SEOUL (Reuters) - With a giant TV screen in its capital, and a break from classes for students to watch live coverage, much of South Korea will hit the pause button on Friday to watch history unfold - the first time a North Korean leader crosses the border to visit.
South Korean President Moon Jae-in will welcome Kim Jong Un as he walks across the military demarcation line between the neighbours, still technically at war because the 1950-53 Korean War ended in a truce, not a peace treaty.
“It is an important moment of our history and a very good chance to feel the history,” said Park Sung-il, vice principal at Baekun Elementary School in the southern city of Gwangju, which is letting students watch events unfold on television.

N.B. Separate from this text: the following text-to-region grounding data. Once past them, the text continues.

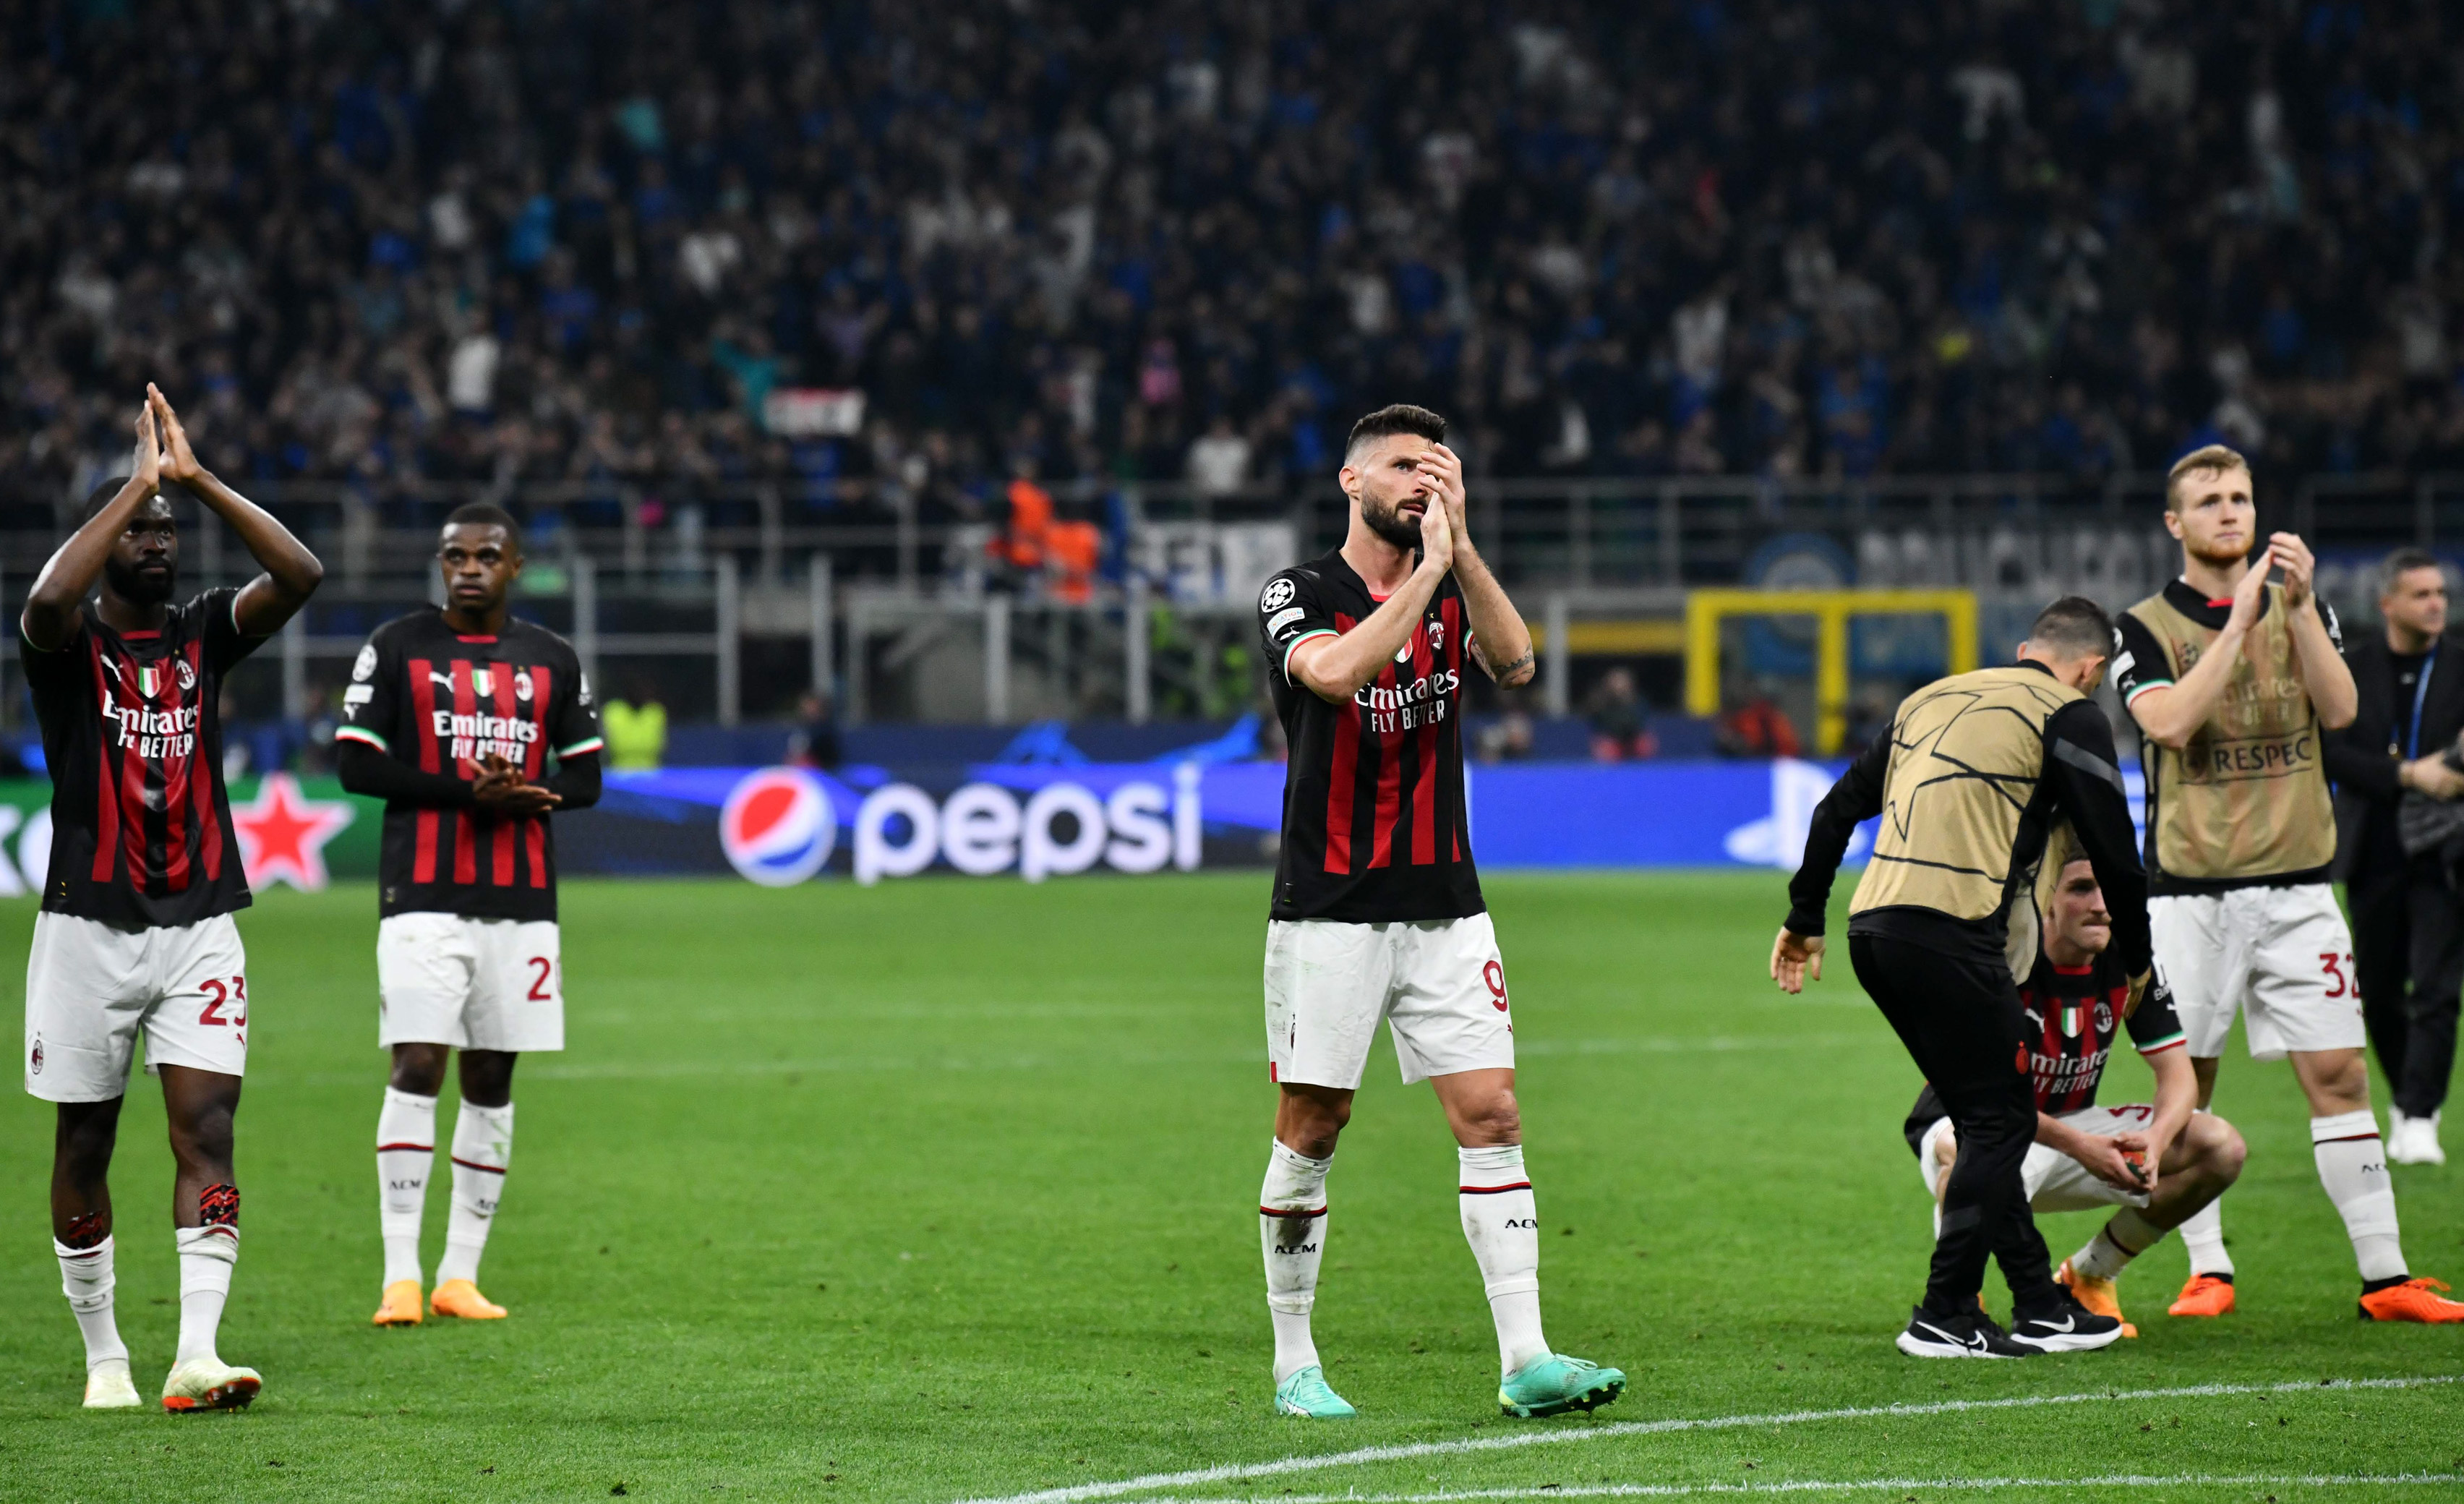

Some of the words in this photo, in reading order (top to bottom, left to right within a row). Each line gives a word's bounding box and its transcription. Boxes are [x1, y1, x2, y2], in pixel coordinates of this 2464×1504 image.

[1354, 668, 1459, 710] Emirates
[432, 709, 539, 743] Emirates
[1371, 711, 1395, 732] FLY
[1401, 699, 1445, 730] BETTER
[140, 732, 193, 759] BETTER
[450, 737, 474, 759] FLY
[853, 761, 1202, 886] pepsi
[527, 956, 559, 1002] 2
[1482, 960, 1508, 1012] 9
[2319, 952, 2361, 999] 32
[199, 976, 247, 1027] 23
[2031, 1047, 2110, 1075] mirate
[2050, 1069, 2100, 1094] BETTER
[389, 1179, 422, 1191] ACM
[1274, 1243, 1317, 1255] ACM

“Our kids can get live education about unification by watching South and North Korean leaders shake hands in real time.”
It is only the third time the leaders of the countries have met, and previous summits in Pyongyang, the North’s capital, were not broadcast live.

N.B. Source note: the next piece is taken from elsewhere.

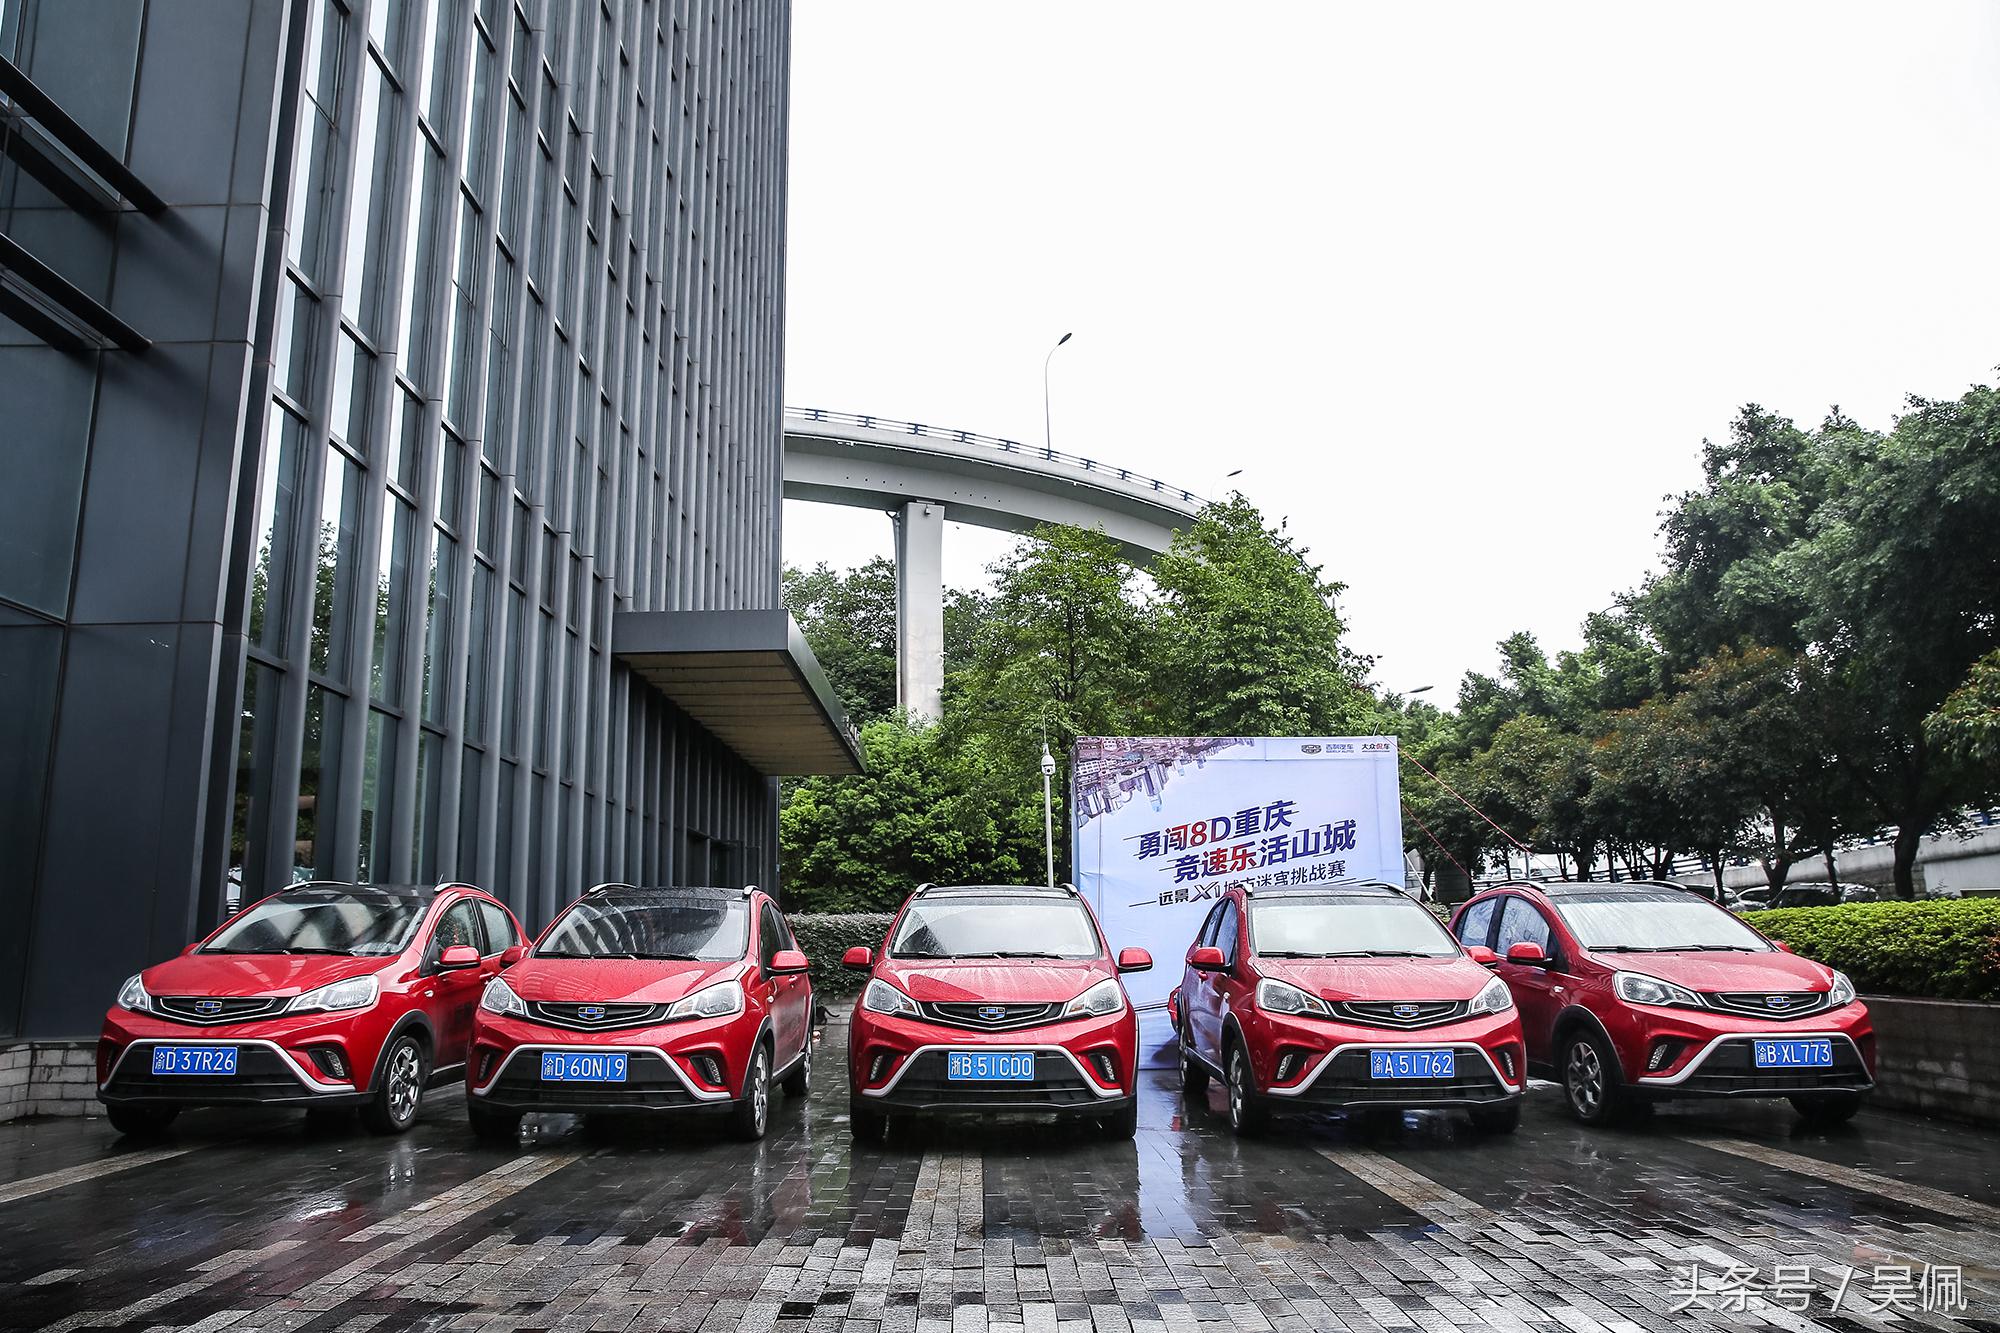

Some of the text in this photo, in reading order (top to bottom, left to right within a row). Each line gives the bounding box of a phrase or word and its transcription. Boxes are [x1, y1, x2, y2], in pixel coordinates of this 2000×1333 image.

[1137, 800, 1296, 861] 勇闯8D重庆
[1173, 819, 1357, 883] 竞速乐活山城

“There is the sense of excitement in Seoul that almost everybody is preparing for celebration on Friday,” said Victor Cha, a U.S. expert on Korea who was visiting Seoul this week.
If the summit goes well, “perhaps people in Washington may be more optimistic” that Kim’s meeting with U.S. President Donald Trump, expected in May or June, will go well, he added.
The leaders of the two sides will meet at the South Korean border village of Panmunjom, the only place along the heavily fortified border where soldiers face off directly against each other.
In Seoul, a gigantic TV screen will broadcast footage outside city hall. The plaza has been festooned in flowers arranged in the shape of the Korean peninsula to “create a conducive environment,” a city official said.
In Gwangju, a theatre is offering free admission for people to watch the broadcast on its movie screen.
“Think about South Korean honour guards escorting the leader of our enemy state,” said Lee Shin, the head of a reunification research group in the city. “This is a very significant moment of our history.”